RECORDS PROVIDED »
________________________________________

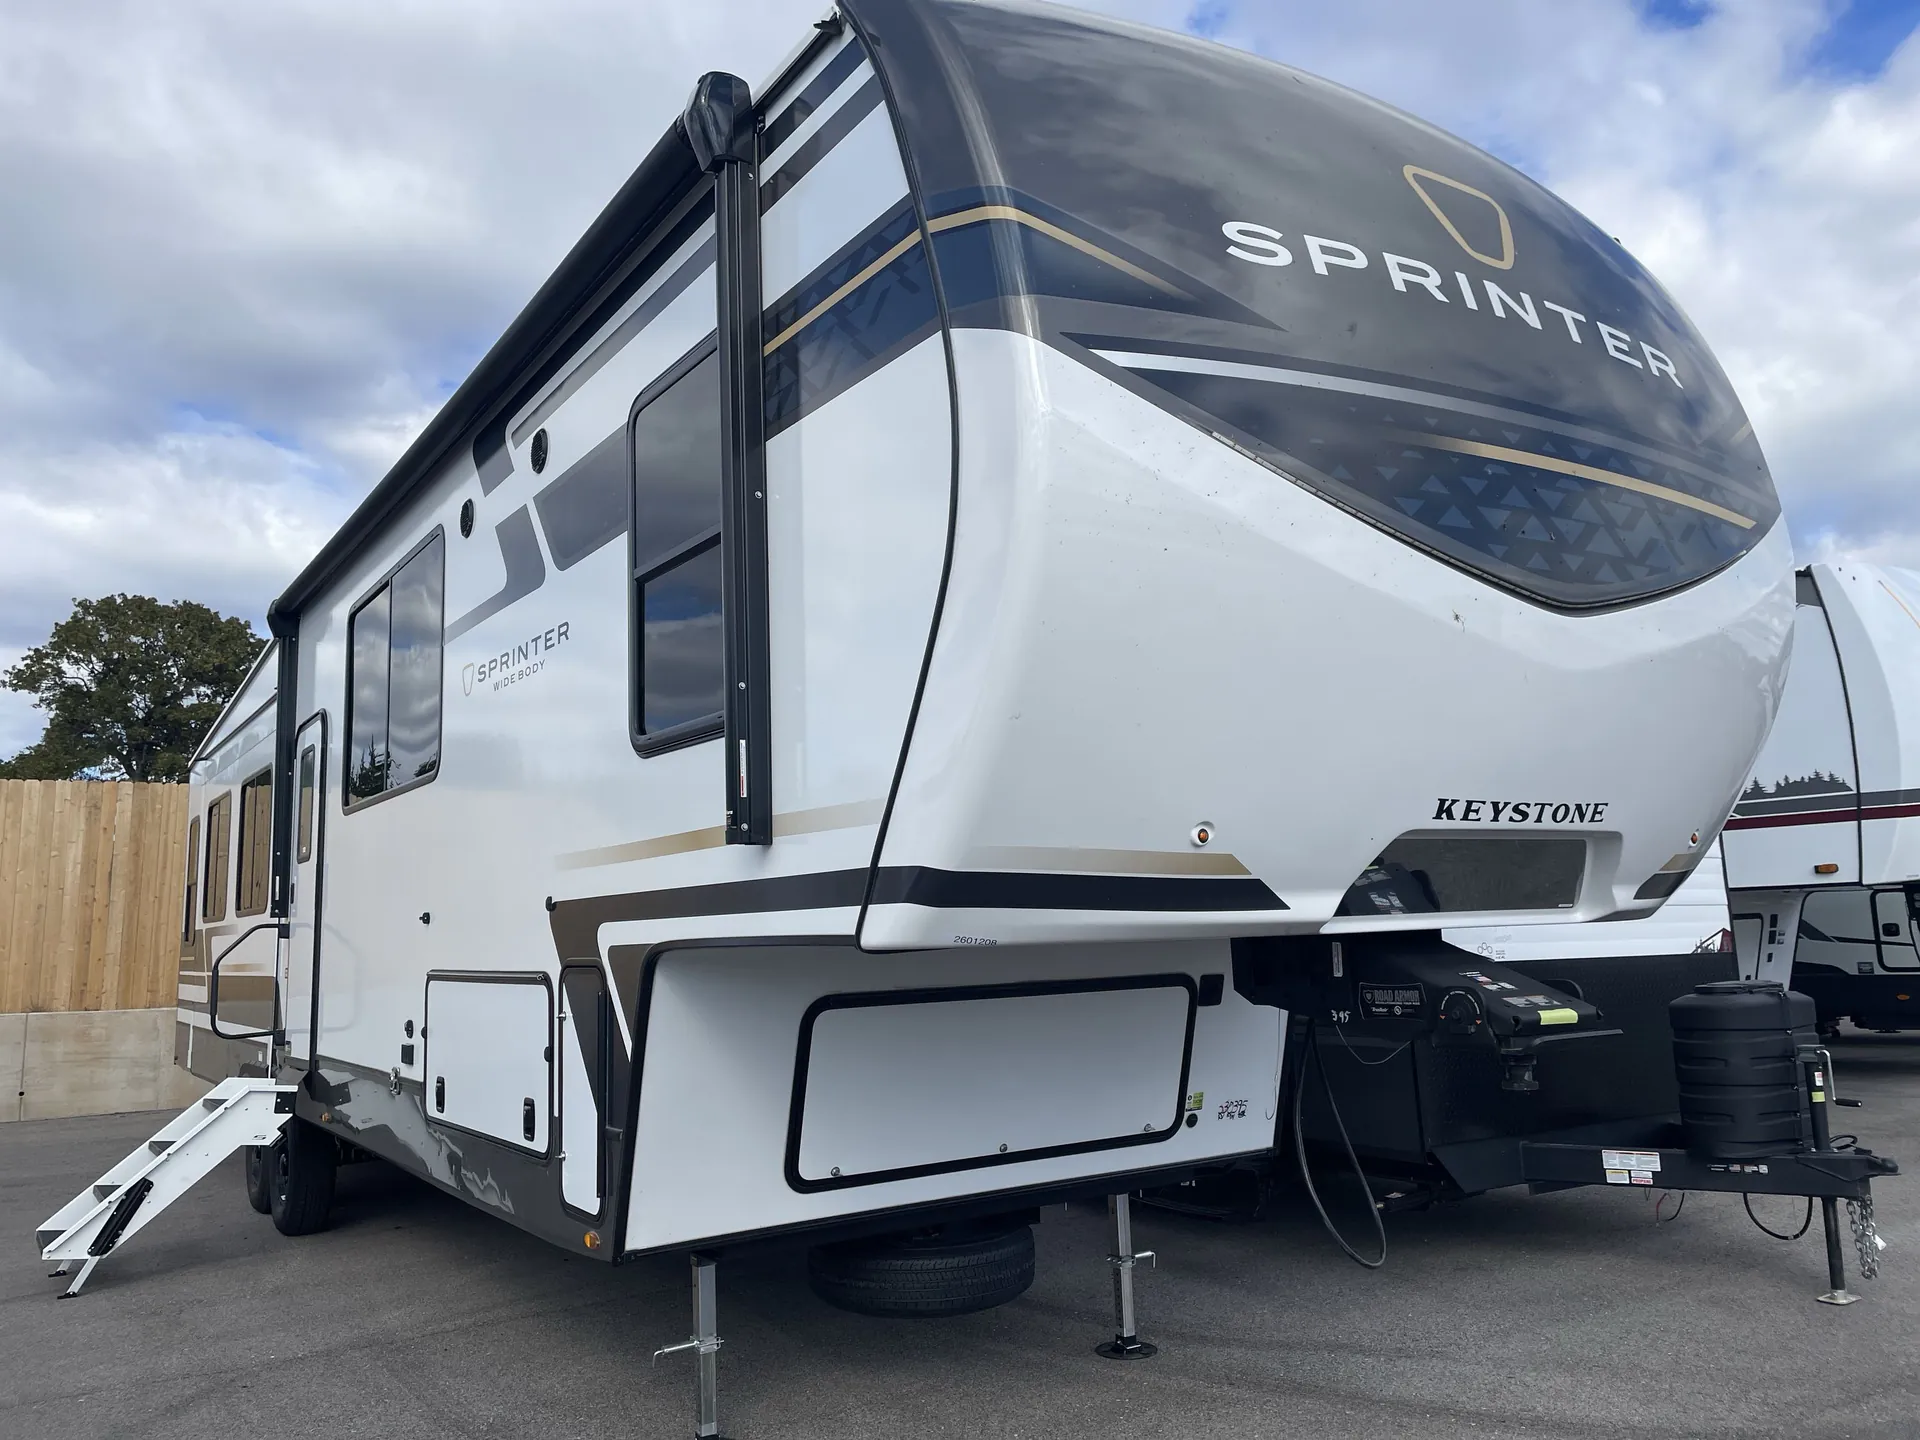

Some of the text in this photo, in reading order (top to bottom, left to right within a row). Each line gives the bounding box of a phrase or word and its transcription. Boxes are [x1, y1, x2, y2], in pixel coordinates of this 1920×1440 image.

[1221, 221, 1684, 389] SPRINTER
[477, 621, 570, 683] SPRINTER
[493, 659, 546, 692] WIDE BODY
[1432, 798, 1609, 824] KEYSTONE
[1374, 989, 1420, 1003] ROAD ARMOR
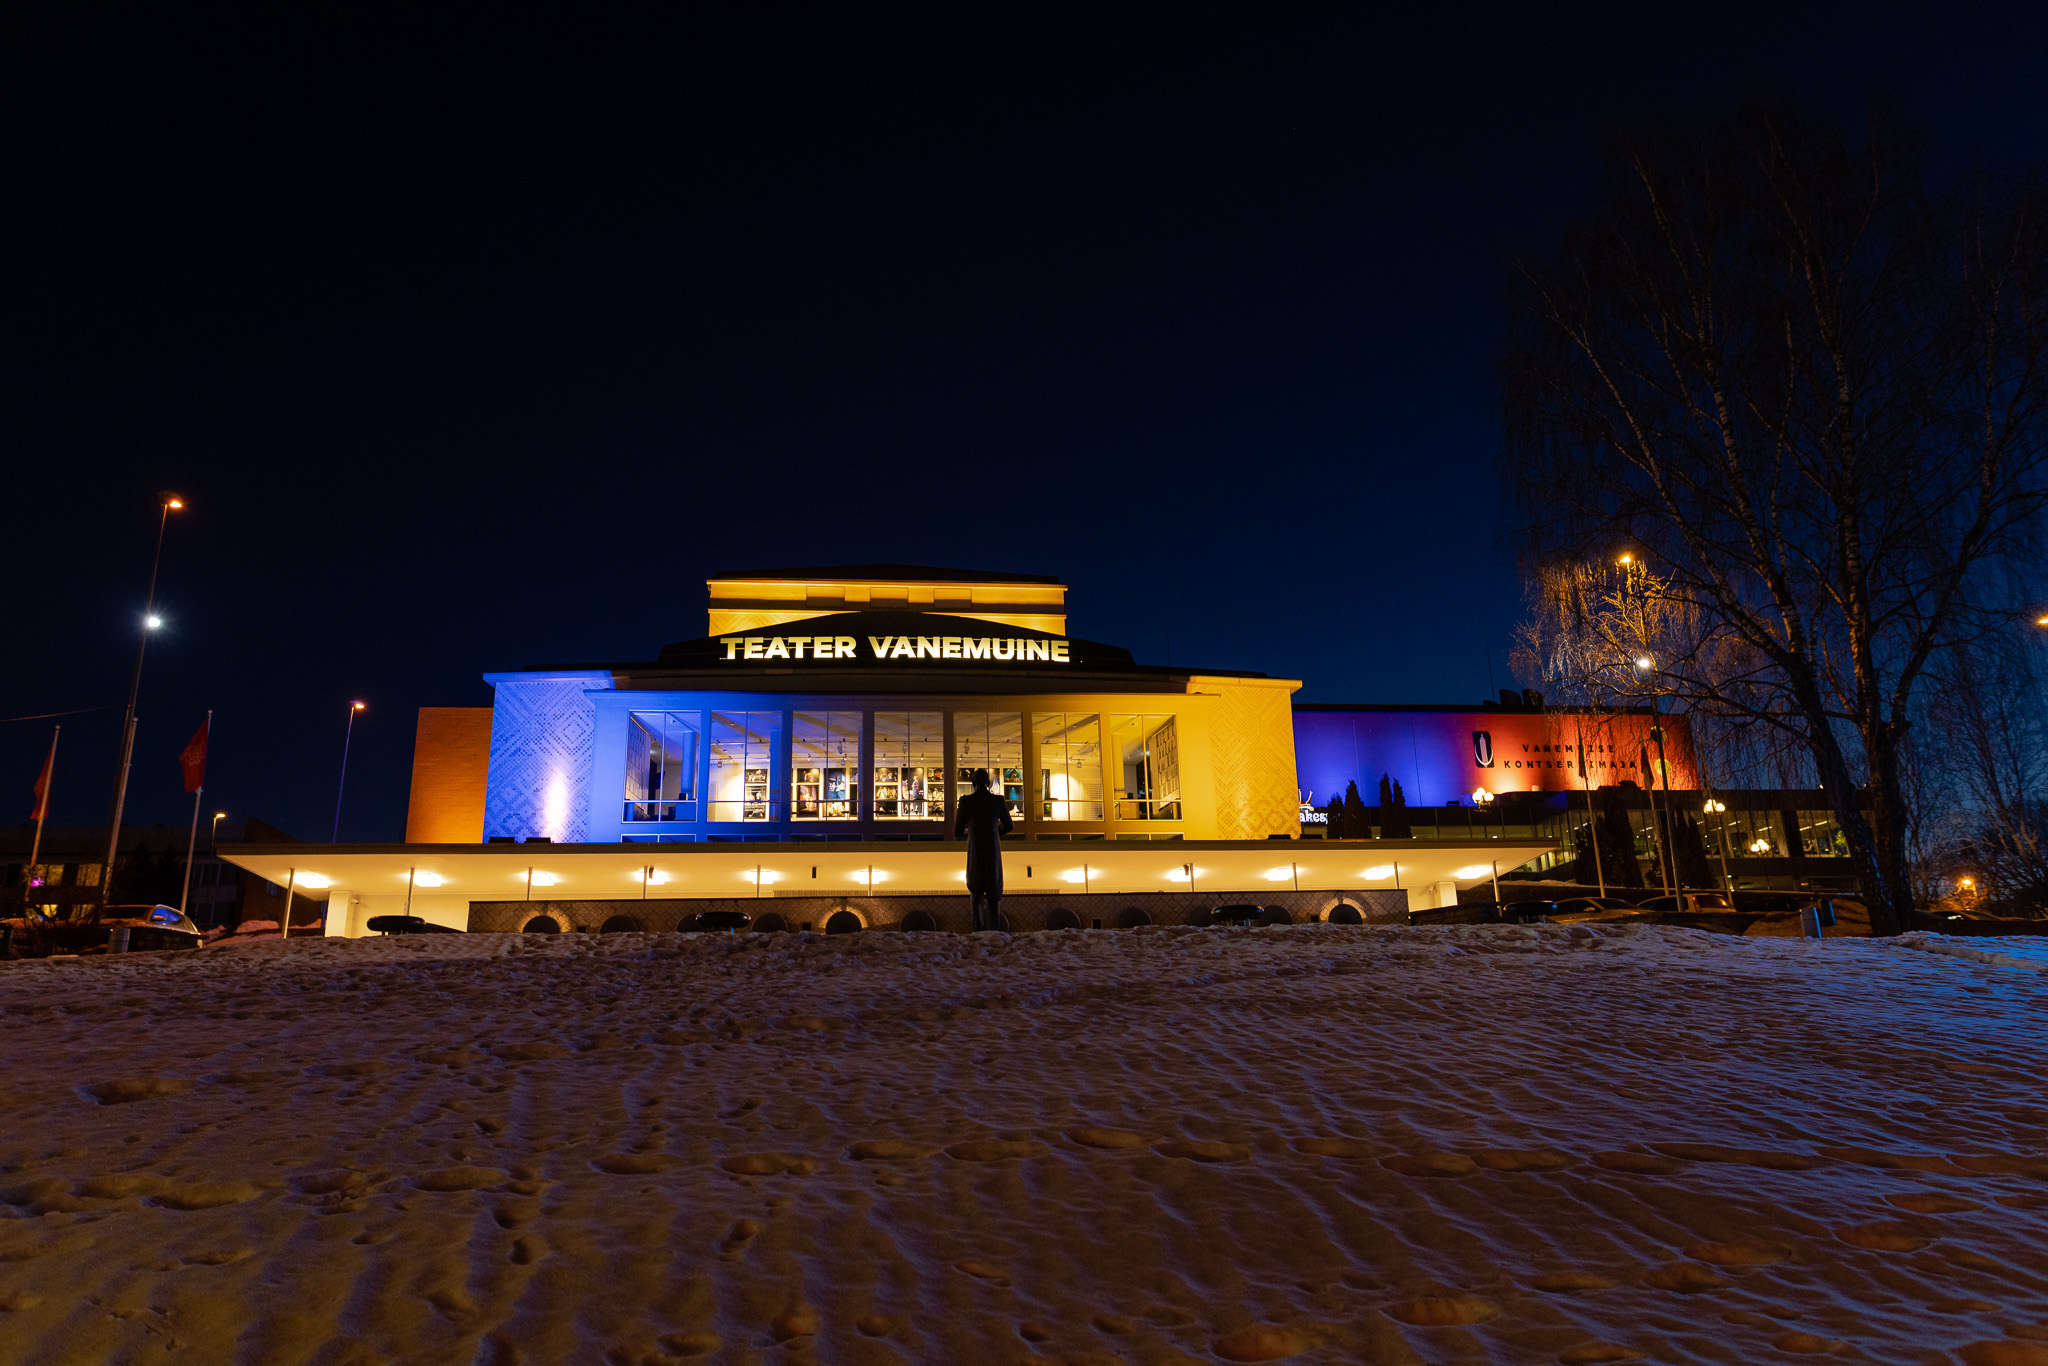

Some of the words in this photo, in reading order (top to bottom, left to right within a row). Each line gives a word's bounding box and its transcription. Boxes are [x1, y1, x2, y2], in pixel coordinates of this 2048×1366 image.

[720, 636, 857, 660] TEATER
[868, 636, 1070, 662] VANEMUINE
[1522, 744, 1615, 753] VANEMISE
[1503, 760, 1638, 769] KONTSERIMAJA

________________________________________

ASSIGNED TASK »
Output exactly the lines above, from the one holding "Some of the words" through the end of the data, including the first and last.

RESPONSE AREA »
Some of the words in this photo, in reading order (top to bottom, left to right within a row). Each line gives a word's bounding box and its transcription. Boxes are [x1, y1, x2, y2], in pixel coordinates of this 2048×1366 image.

[720, 636, 857, 660] TEATER
[868, 636, 1070, 662] VANEMUINE
[1522, 744, 1615, 753] VANEMISE
[1503, 760, 1638, 769] KONTSERIMAJA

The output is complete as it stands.